Já não conhecemos o tédio, nestes dias quando nascemos para a pós-modernidade: os jovens falam pouco, além do gestual e das frases codificadas que lhes servem de explicação. Novas linguagens trouxeram-lhes, entretanto, o conforto de alguma forma de comunicação.
A música em conserva, em cassete, disquete, CD, DVD e outras formas compactas na qual o som, a melodia e os acordes se escondem, tornaram-se objeto de uso contínuo, mais pela parafernália tecnológica que veicula tantos sons bem-vindos do que pela composição em si. Contam, hoje, entre esses aficcionados, mais os equipamentos hi-fi, caixas acústicas, home theatre, home áudio high-end, e tudo o mais, do que as partituras, os prelúdios, sinfonias, suítes ou poemas sinfônicos…
Faço o que posso: leio. O que sempre fiz, aliás, por preferência e desvio padrão do mais que pouco me interessou na idade das descobertas. Exceto, naturalmente, a sedução do sexo, encarnada nas formas gentis da delicada arquitetura feminina…

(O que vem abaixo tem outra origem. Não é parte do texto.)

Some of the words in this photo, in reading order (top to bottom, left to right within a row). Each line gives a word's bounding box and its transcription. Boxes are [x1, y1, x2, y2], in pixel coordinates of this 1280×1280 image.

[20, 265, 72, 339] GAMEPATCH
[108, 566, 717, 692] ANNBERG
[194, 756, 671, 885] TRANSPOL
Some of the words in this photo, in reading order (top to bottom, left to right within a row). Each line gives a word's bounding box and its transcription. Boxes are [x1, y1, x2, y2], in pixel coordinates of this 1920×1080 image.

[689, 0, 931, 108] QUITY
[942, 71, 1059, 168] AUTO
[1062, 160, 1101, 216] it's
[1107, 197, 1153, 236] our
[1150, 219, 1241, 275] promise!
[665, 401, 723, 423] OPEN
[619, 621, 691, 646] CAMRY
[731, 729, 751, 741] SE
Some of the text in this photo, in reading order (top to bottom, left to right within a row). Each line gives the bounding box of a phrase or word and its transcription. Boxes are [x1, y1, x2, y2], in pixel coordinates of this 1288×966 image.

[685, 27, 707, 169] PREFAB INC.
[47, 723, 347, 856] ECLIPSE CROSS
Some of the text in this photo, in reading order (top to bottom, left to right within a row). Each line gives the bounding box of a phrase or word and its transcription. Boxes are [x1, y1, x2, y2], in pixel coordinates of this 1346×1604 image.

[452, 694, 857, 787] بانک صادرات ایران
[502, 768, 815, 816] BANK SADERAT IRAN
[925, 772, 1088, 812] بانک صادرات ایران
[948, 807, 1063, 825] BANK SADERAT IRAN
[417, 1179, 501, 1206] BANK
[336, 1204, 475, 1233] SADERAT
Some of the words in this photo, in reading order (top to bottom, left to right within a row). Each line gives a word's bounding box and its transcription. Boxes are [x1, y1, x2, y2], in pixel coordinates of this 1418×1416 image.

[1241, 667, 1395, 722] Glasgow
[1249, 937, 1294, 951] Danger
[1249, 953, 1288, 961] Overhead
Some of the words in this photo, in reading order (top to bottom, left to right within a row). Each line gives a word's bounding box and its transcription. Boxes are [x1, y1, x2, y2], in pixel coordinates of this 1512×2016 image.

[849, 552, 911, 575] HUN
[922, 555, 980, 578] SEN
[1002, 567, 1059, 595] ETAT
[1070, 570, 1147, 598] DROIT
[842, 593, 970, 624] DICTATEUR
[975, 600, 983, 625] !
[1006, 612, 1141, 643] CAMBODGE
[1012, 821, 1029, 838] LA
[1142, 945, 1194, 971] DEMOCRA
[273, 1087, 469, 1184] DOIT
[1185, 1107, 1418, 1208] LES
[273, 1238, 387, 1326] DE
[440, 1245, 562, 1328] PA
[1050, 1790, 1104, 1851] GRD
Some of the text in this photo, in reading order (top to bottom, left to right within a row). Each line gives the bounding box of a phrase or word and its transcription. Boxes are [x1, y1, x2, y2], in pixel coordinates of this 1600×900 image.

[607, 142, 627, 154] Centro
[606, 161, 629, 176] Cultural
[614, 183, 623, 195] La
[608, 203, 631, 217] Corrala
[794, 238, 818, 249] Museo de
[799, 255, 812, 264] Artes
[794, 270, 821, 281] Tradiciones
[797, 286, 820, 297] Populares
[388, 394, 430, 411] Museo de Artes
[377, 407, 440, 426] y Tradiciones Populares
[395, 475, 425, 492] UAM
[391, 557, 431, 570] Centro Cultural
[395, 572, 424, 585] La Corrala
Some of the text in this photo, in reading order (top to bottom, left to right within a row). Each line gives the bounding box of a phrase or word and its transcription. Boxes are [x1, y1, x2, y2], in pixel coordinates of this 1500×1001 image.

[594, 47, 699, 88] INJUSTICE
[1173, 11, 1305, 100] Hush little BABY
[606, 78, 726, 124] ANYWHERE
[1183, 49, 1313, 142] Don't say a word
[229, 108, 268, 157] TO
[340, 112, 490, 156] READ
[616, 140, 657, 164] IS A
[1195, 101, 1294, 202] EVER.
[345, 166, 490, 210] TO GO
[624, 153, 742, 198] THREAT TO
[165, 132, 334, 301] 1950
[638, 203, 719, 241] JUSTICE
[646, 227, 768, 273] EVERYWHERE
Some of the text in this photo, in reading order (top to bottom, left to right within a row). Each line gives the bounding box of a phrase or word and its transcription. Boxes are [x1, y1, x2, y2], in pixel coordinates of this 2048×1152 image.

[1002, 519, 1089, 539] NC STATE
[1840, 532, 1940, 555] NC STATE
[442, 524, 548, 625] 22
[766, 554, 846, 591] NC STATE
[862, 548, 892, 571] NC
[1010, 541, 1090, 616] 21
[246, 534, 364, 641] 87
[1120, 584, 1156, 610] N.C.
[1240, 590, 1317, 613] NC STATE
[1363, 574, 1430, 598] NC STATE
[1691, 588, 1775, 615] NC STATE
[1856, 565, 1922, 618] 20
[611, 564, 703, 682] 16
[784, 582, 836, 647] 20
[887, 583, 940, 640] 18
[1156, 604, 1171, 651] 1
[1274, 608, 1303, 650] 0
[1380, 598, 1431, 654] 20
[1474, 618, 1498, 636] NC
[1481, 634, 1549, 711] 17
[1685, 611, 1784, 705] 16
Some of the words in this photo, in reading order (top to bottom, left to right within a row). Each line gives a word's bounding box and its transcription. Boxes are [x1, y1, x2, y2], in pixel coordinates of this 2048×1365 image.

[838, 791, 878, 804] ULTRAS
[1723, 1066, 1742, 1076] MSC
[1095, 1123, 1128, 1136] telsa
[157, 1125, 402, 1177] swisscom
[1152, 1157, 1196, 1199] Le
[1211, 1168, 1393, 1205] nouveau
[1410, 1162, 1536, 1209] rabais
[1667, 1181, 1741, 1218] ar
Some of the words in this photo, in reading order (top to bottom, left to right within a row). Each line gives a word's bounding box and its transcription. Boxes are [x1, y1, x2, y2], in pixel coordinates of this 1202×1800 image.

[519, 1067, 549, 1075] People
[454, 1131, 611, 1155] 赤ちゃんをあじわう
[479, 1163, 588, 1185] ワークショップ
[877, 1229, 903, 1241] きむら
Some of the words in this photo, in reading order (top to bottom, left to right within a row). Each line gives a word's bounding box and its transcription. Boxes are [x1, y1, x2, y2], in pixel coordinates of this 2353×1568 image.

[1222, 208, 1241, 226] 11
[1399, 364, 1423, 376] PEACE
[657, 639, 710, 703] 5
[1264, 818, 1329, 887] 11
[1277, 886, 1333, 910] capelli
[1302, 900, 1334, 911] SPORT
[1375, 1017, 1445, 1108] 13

Destes poucos hábitos, conservo deles o melhor das lembranças, mas dos livros não encontrei comedimento como usuário compulsivo, bibliopata confesso, bibliofrênico, como tantos cúmplices de uma cultivada companhia…
Escrevo. Tento ampliar minha íntima e singular relação com os livros. Pelo cheiro da tinta, pela tessitura do papel, pela cor que o tempo vai trabalhando sobre a encadernação. Confesso-me gutenberguiano, inseparável do papel e da impressão. Uso os meios tecnológicos da leitura e da escrita e as novas linguagens, por necessidade confessada — e sob o domínio do medo de ser considerado fora do tempo, antigo, como seriam tratados, hoje, os artistas de inscrições rupestres…
A velhice impõe, como condição de sobrevivência, a obrigação de sermos “modernos”.
Apesar de todo o avanço do universo “cyber”, da forma como a escrita foi envelopada por Jobs e Gates, da desconsideração desrespeitosa pela civilização do papel, o livro, servido à moda tradicional, continua mais seguro, bonito, cheiroso e palpável. Guardou a dignidade dos codex e das cópias dos escribas e das iluminuras. O livro de papel, impresso, é o único invólucro do pensamento e das ideias que traz a textura do papiro e do pergaminho. O que veio substituí-lo tem cheiro e gosto de matéria plástica, de cartão de crédito.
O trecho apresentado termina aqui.